Records supplied Start Marker
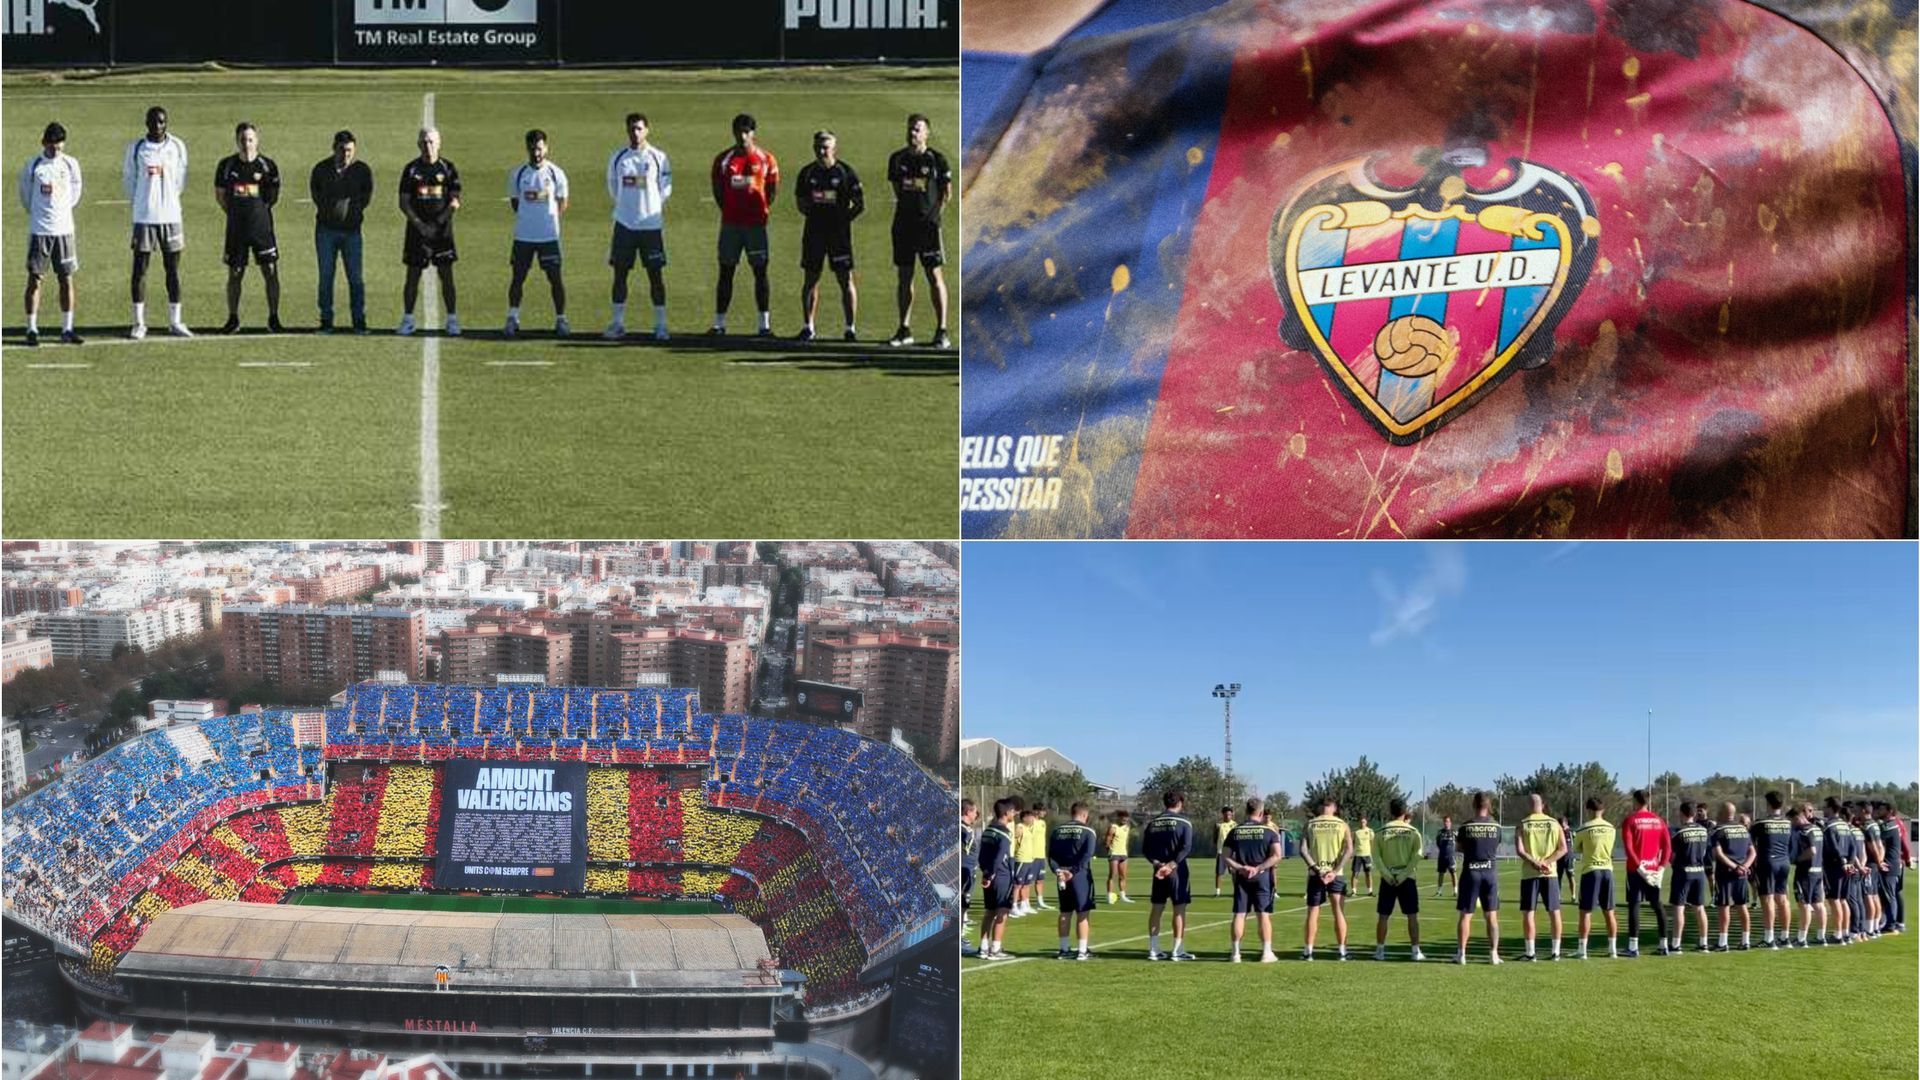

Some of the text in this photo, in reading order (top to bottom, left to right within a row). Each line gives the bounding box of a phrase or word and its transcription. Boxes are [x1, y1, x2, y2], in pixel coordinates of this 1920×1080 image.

[355, 30, 537, 47] TM Real Estate Group
[1320, 256, 1537, 298] LEVANTE U.D.
[1013, 435, 1064, 473] QUE
[475, 767, 555, 792] AMUNT
[457, 789, 573, 812] VALENCIANS
[464, 866, 484, 875] UNITS
[502, 867, 529, 876] SEMPRE
[551, 1027, 581, 1035] VALENCIA
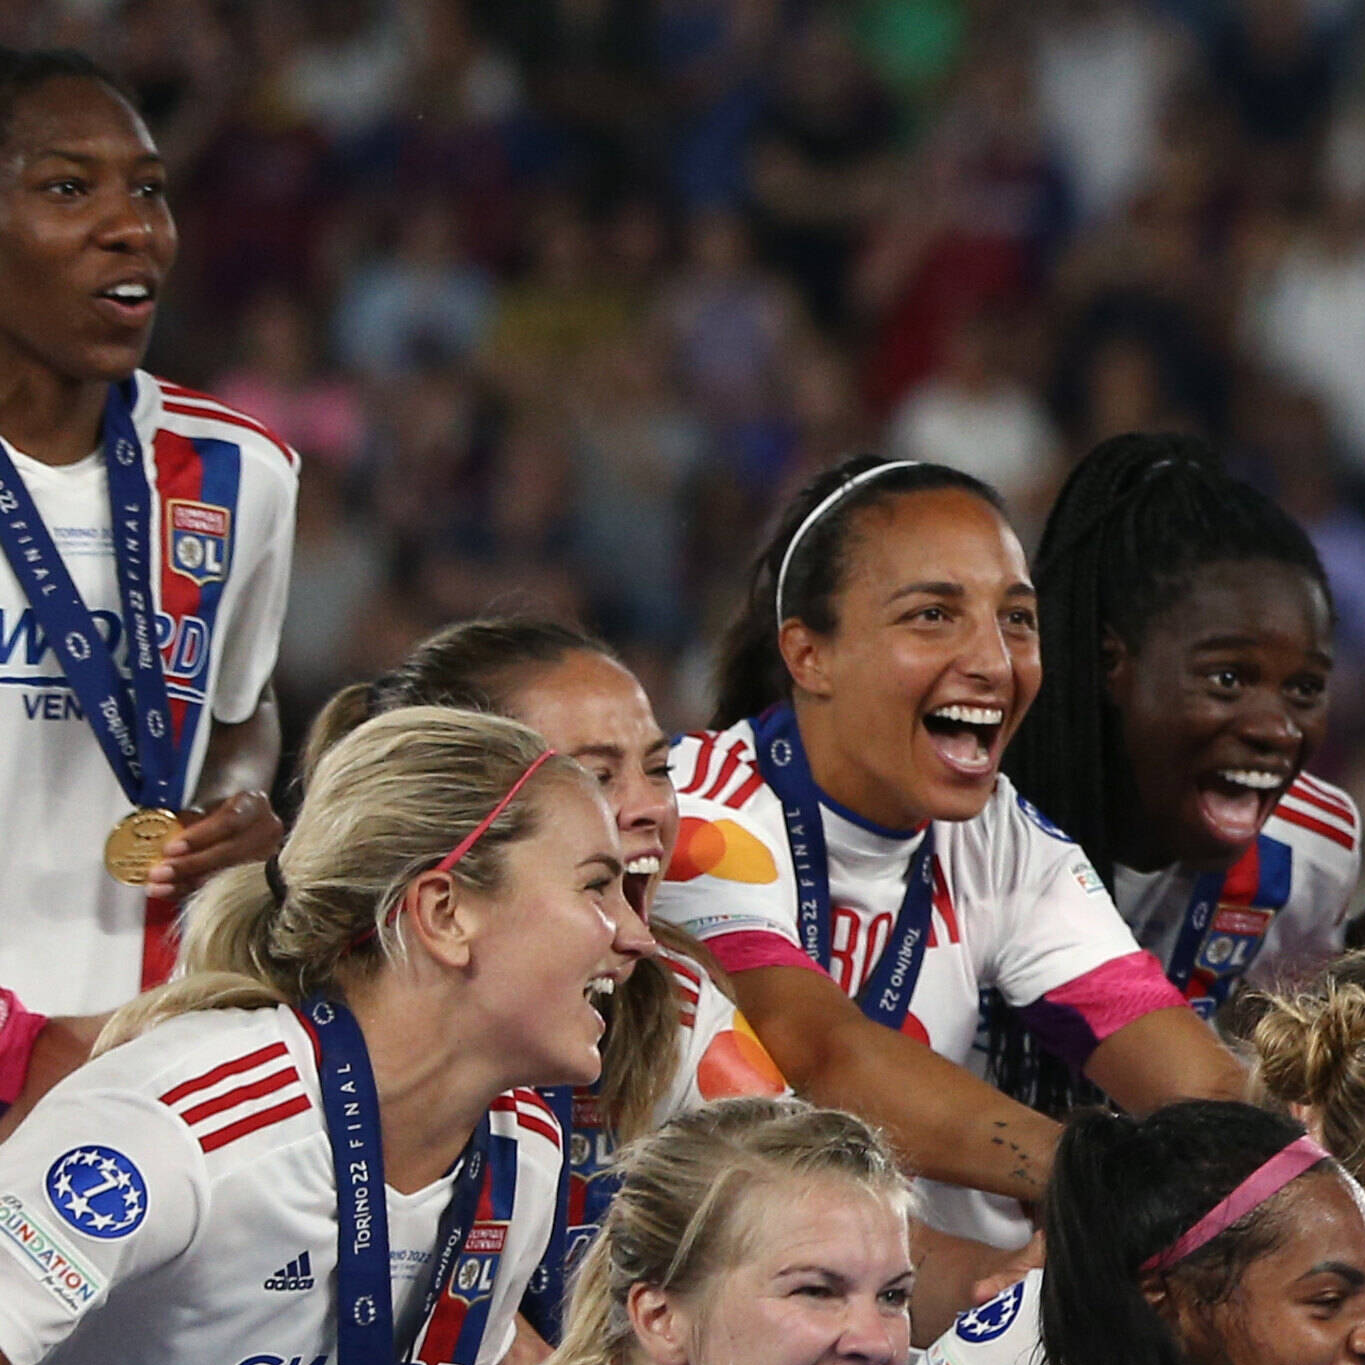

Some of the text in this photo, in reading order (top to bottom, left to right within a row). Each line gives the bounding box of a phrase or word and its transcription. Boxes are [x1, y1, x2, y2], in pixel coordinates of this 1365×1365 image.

[11, 521, 57, 597] FINAL
[127, 501, 141, 581] FINAL
[176, 535, 223, 574] OL
[130, 614, 154, 670] TORINO
[22, 694, 87, 721] VEN
[786, 807, 817, 921] 22 FINAL
[880, 927, 921, 1012] TORINO 22
[337, 1063, 372, 1254] TORINO 22 FINAL
[0, 1204, 95, 1302] OUNDATION
[458, 1257, 494, 1293] OL
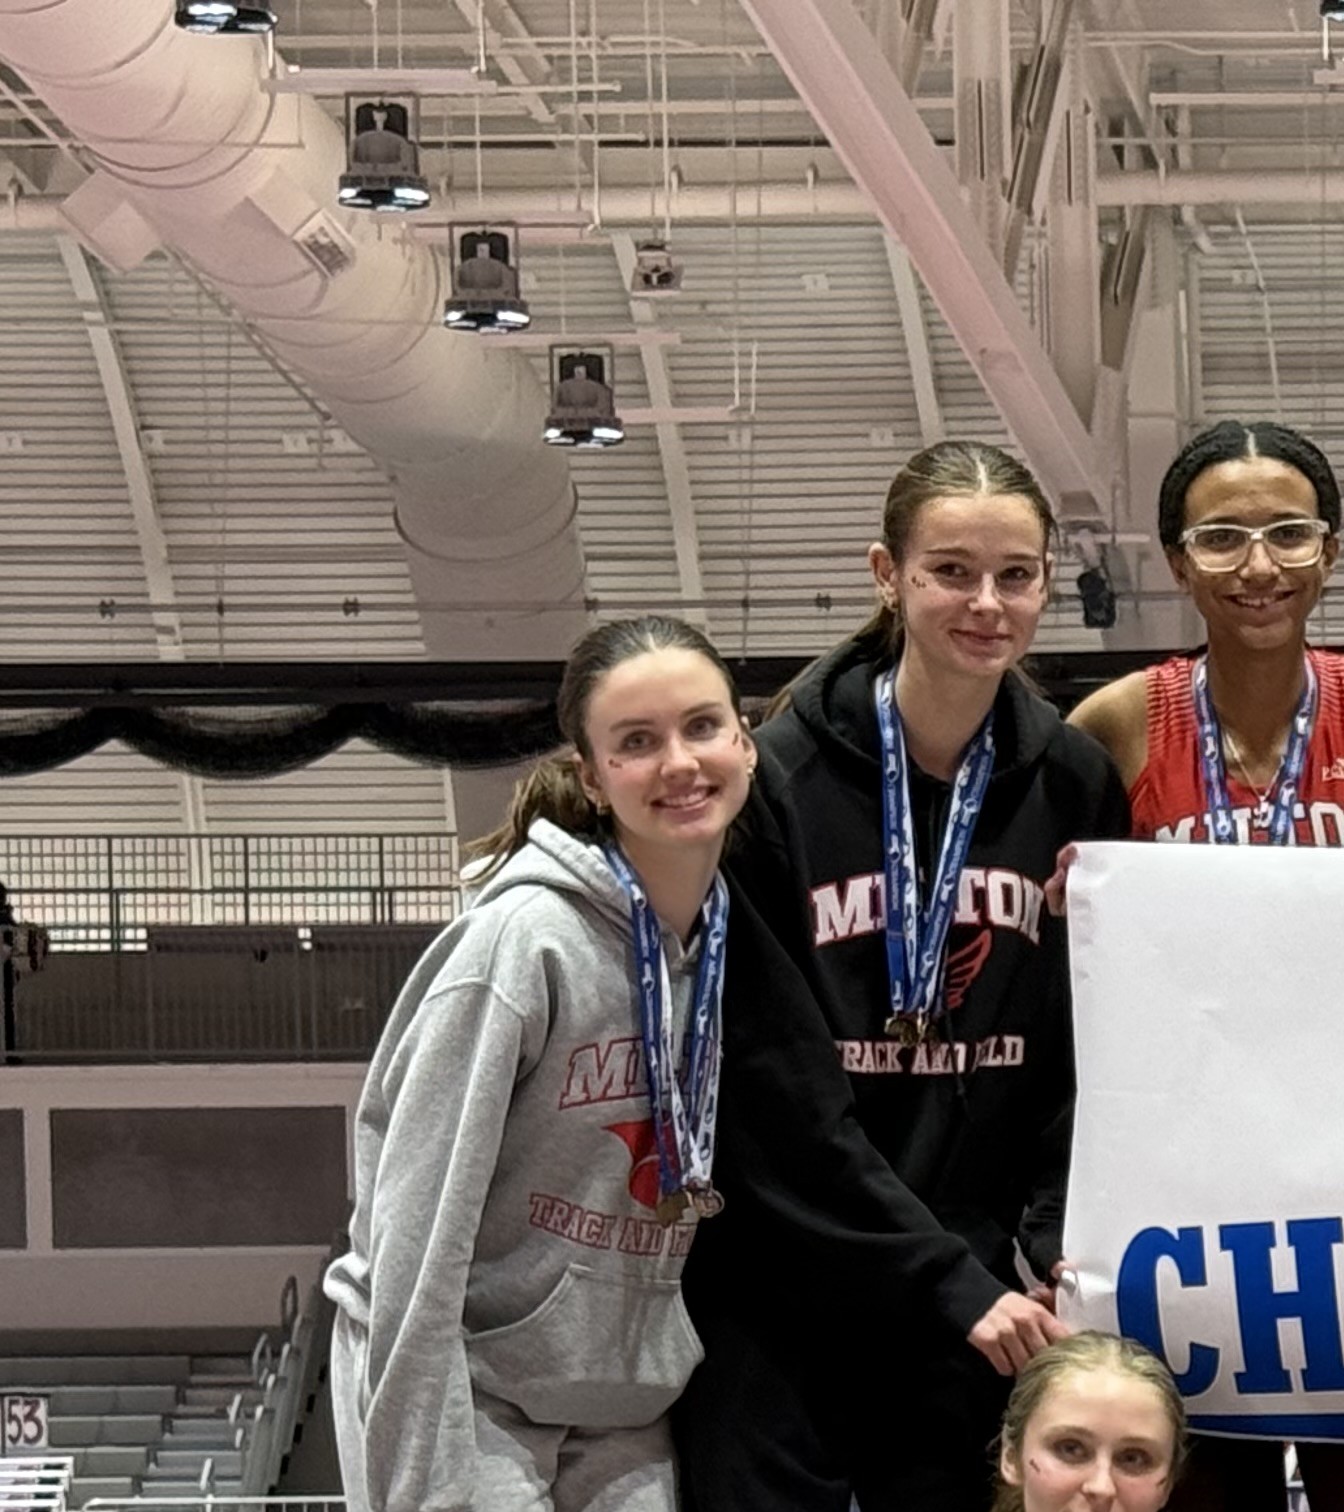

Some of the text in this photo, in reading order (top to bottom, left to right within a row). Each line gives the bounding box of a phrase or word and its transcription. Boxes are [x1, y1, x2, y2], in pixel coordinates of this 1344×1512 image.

[809, 866, 1045, 950] MITON
[834, 1040, 904, 1074] RACK
[7, 1399, 44, 1446] 53
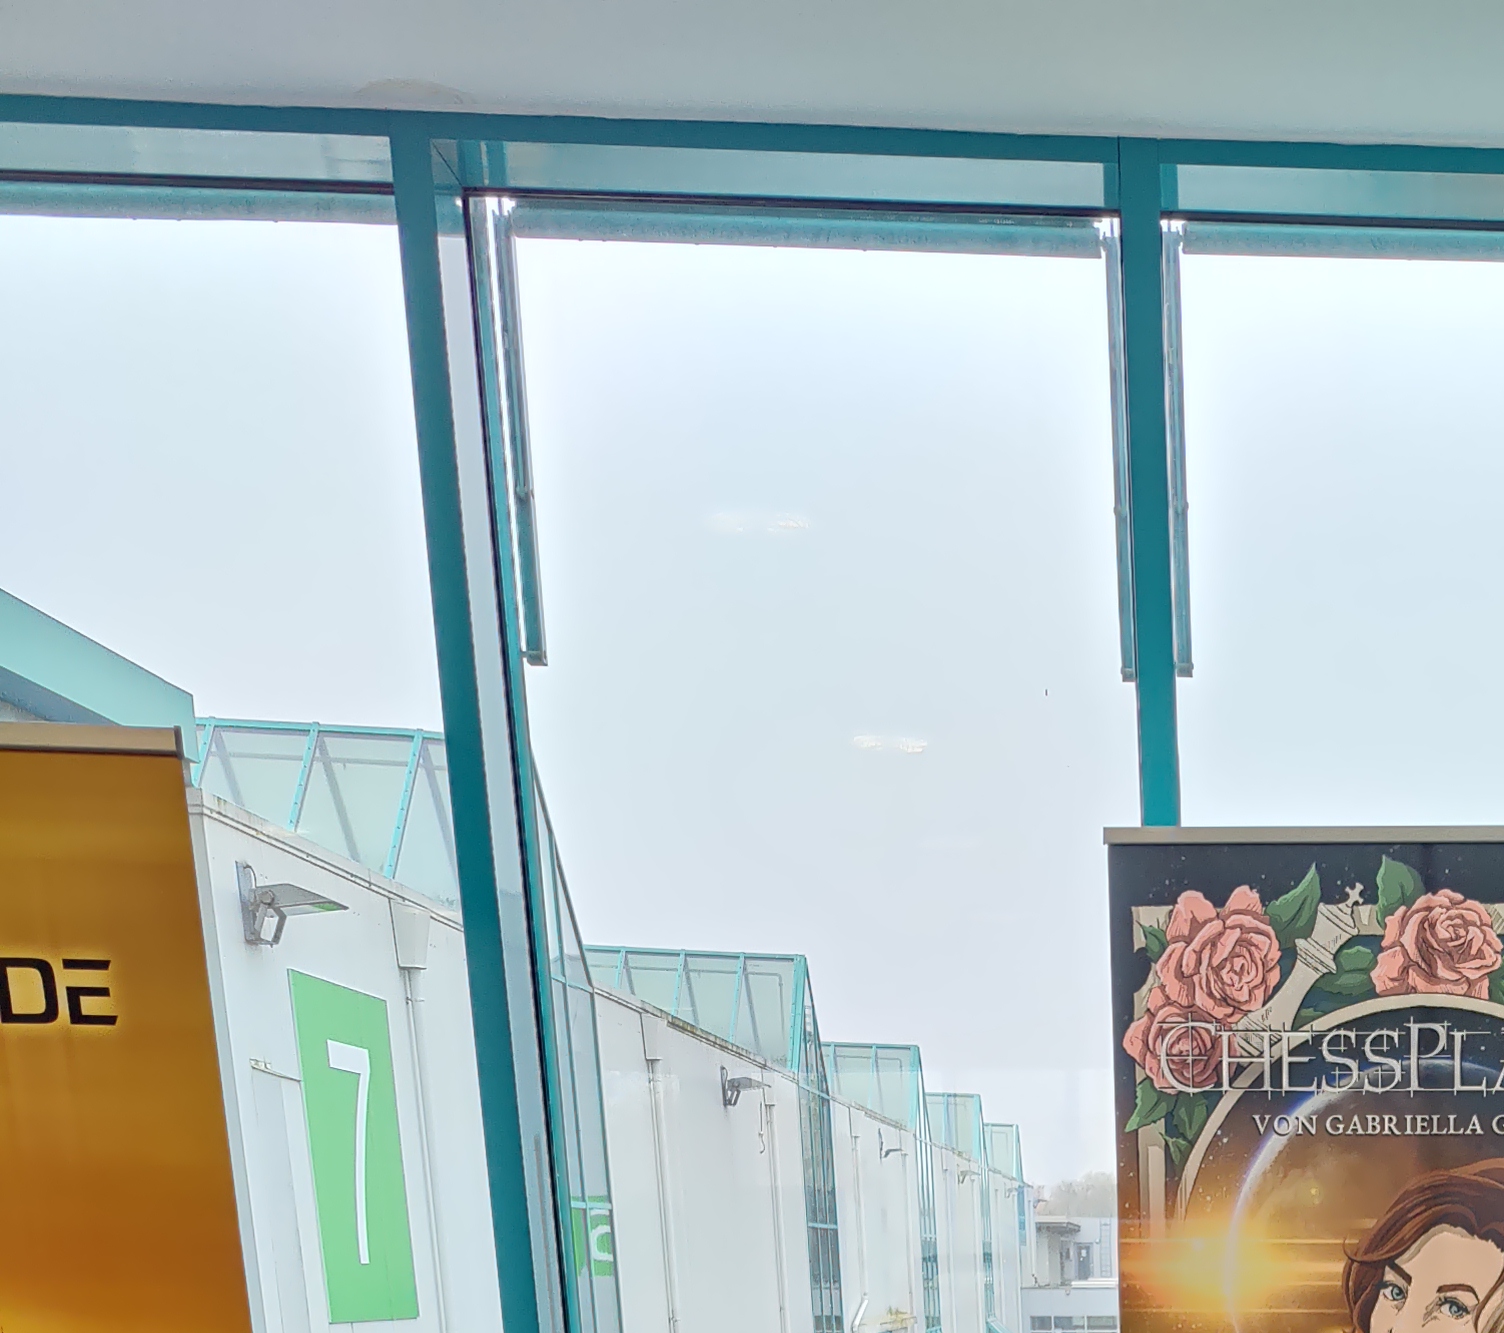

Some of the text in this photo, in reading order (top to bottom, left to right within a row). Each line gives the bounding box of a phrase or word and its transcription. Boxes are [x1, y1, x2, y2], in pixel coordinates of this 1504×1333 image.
Records supplied End Marker
## Assigned task:
Would you please repeat each record exactly? Leave the pictures out.

## Written response:
Some of the text in this photo, in reading order (top to bottom, left to right within a row). Each line gives the bounding box of a phrase or word and its transcription. Boxes are [x1, y1, x2, y2], in pixel coordinates of this 1920×1080 image.

[355, 30, 537, 47] TM Real Estate Group
[1320, 256, 1537, 298] LEVANTE U.D.
[1013, 435, 1064, 473] QUE
[475, 767, 555, 792] AMUNT
[457, 789, 573, 812] VALENCIANS
[464, 866, 484, 875] UNITS
[502, 867, 529, 876] SEMPRE
[551, 1027, 581, 1035] VALENCIA

Some of the text in this photo, in reading order (top to bottom, left to right within a row). Each line gives the bounding box of a phrase or word and its transcription. Boxes are [x1, y1, x2, y2], in pixel coordinates of this 1365×1365 image.

[11, 521, 57, 597] FINAL
[127, 501, 141, 581] FINAL
[176, 535, 223, 574] OL
[130, 614, 154, 670] TORINO
[22, 694, 87, 721] VEN
[786, 807, 817, 921] 22 FINAL
[880, 927, 921, 1012] TORINO 22
[337, 1063, 372, 1254] TORINO 22 FINAL
[0, 1204, 95, 1302] OUNDATION
[458, 1257, 494, 1293] OL

Some of the text in this photo, in reading order (top to bottom, left to right within a row). Each line gives the bounding box of a phrase or word and its transcription. Boxes are [x1, y1, x2, y2], in pixel coordinates of this 1344×1512 image.

[809, 866, 1045, 950] MITON
[834, 1040, 904, 1074] RACK
[7, 1399, 44, 1446] 53

Some of the text in this photo, in reading order (top to bottom, left to right within a row). Each line gives the bounding box of a phrase or word and its transcription. Boxes are [x1, y1, x2, y2], in pixel coordinates of this 1504×1333 image.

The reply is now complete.